Here were the narrow tan lockers, the light green and brown tile floors, the closely shaven mathematics teachers, the Art Deco furniture-all preserved through the years an unwitting museum of redolent nostalgia. The scaled-down desks, the dwarfed nation of students, the knee-high urinals-all attested to the passage of time. The clots of eighth-grade hoydens with their manila complexions and pink eraser thighs attested to my eternal puerility. Most of the boys, however, still on the verge of their powerful pubescence, still four feet eleven, flitted unsuspectingly down the corridors like little frightened birds.
There were definite signs of modernity. Everyone wore mod clothes, girls came in blue jeans and transclucent blouses through which boys could see their over-the-shoulder boulder-holders. The girls had more make-up; the boys, it seemed, fewer braces. The girls obviously had no idea how seductively their mothers had dressed them. Neither did the boys. Only me and the mathematics teachers, who loitered by the drinking fountain between classes looking for fresh talent.
I HAD BEEN asked to read some poetry and discuss that art with classes during the day, but found myself sitting in on an English class first module. The PA system clicked on overhead and in an instant the entire class was on its feet, facing the flag. After that, we all settled back to listen to Leslie's oral report on Greek mythology. Leslie was one of the bigger boys and hardly used his note cards.
"First there was Chaos," he began. "Anybody don't know what Chaos is? OK. Then there was Erebus, you know, Chaos gave birth to Erebus.
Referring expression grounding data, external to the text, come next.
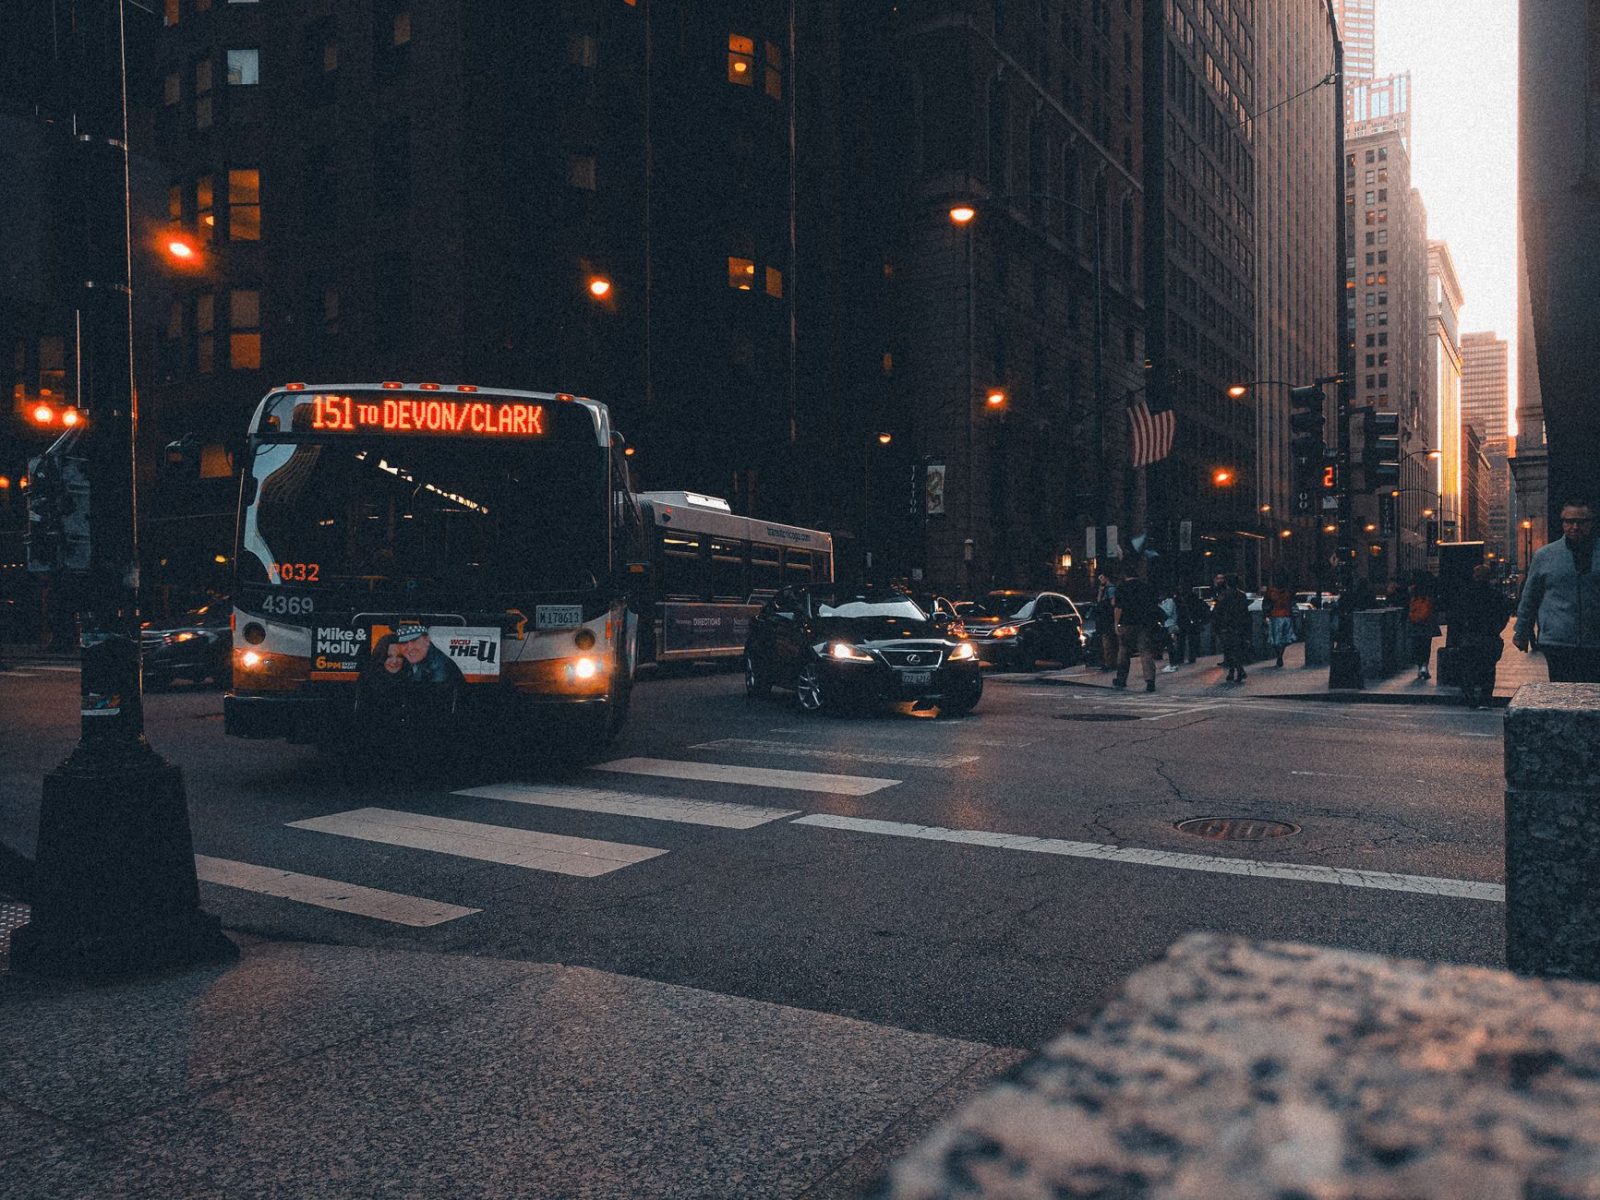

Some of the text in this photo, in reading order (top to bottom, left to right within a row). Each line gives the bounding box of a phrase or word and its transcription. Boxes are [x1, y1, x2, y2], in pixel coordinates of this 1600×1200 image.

[312, 396, 543, 434] 151 TO DEVON/CLARK
[1323, 465, 1336, 488] 2
[262, 595, 314, 614] 4369
[317, 627, 367, 641] Mike &
[316, 641, 361, 656] Molly
[449, 645, 478, 657] THE
[315, 655, 342, 670] 6PM
What came from Erebus was love and the banishment of confusion, and everywhere that love would go it was beautiful and there was light."
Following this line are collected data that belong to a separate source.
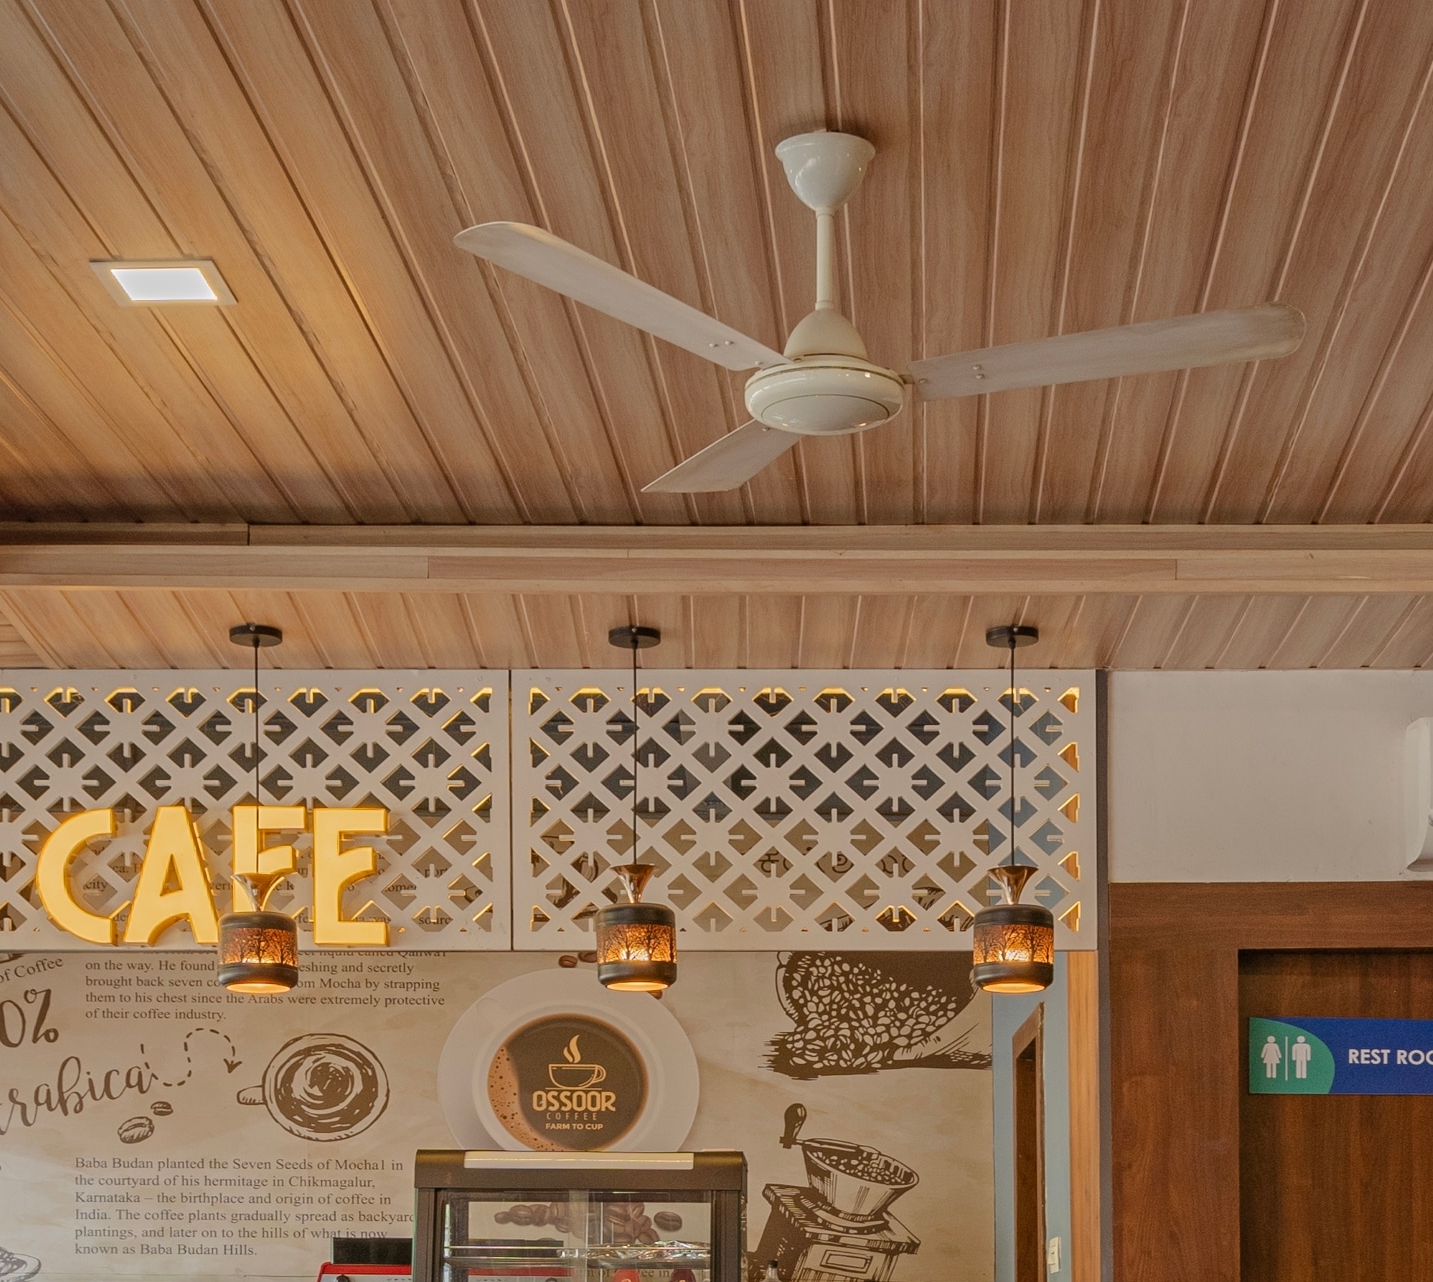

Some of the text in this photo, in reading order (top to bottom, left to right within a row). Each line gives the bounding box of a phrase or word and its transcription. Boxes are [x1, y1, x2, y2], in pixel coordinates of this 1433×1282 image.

[36, 805, 389, 946] CAFE
[13, 957, 65, 979] Coffee
[85, 960, 215, 973] on the way. He found
[341, 962, 364, 973] and
[367, 963, 414, 975] secretly
[85, 976, 132, 989] brought
[136, 976, 165, 987] back
[168, 979, 203, 987] seven
[319, 978, 362, 989] Mocha
[365, 978, 380, 991] by
[383, 980, 440, 992] strapping
[85, 992, 446, 1008] them to his chest since the Arabs were extremely protective
[85, 1008, 227, 1022] of their coffee industry.
[1348, 1048, 1391, 1065] REST
[532, 1090, 616, 1112] OSSOOR
[546, 1112, 598, 1121] COFFEE
[75, 1157, 108, 1169] Baba
[112, 1157, 154, 1169] Budan
[157, 1157, 205, 1171] planted
[209, 1158, 228, 1169] the
[232, 1158, 271, 1170] Seven
[275, 1158, 313, 1170] Seeds
[317, 1158, 332, 1170] of
[391, 1159, 403, 1171] in
[75, 1174, 375, 1190] the courtyard of his hermitage in Chikmagalur,
[75, 1191, 140, 1203] Karnataka
[157, 1192, 176, 1204] the
[180, 1192, 245, 1207] birthplace
[248, 1193, 271, 1205] and
[275, 1193, 314, 1207] origin
[317, 1193, 333, 1205] of
[335, 1193, 375, 1205] coffee
[379, 1193, 391, 1205] in
[75, 1209, 111, 1220] India.
[115, 1209, 140, 1220] The
[144, 1209, 184, 1221] coffee
[188, 1210, 226, 1224] plants
[230, 1210, 291, 1225] gradually
[295, 1210, 337, 1225] spread
[341, 1214, 354, 1222] as
[75, 1225, 387, 1240] plantings, and later on to the hills of what is now
[75, 1243, 257, 1256] known as Baba Budan Hills.
"What's Chaos?" a pretty girl asked, chewing on her Papermate.
"Jesus, Karen," a guy said. "he already asked if anybody didn't know." Then, without warning, Robbie and Stewart started slugging it out in their chairs.
"Robbie! Stewart! Stop it this instant!" the teacher cried from the back of the room.
"I still don't know what chaos is."
"Jesus, Karen." the guy shrilled.
"There was a regard," continued Leslie, "for the earth and for the grain, but there was a conflict. Both the earth and the gods couldn't be the base for life. . ."
"How long is this report supposed to be anyways?" someone whined.
"Three minutes," Robbie replied.
"He's only been up there for an hour an a half," Stewart said.
"Well," said a boy in a hippie vest. "The Creation takes longer."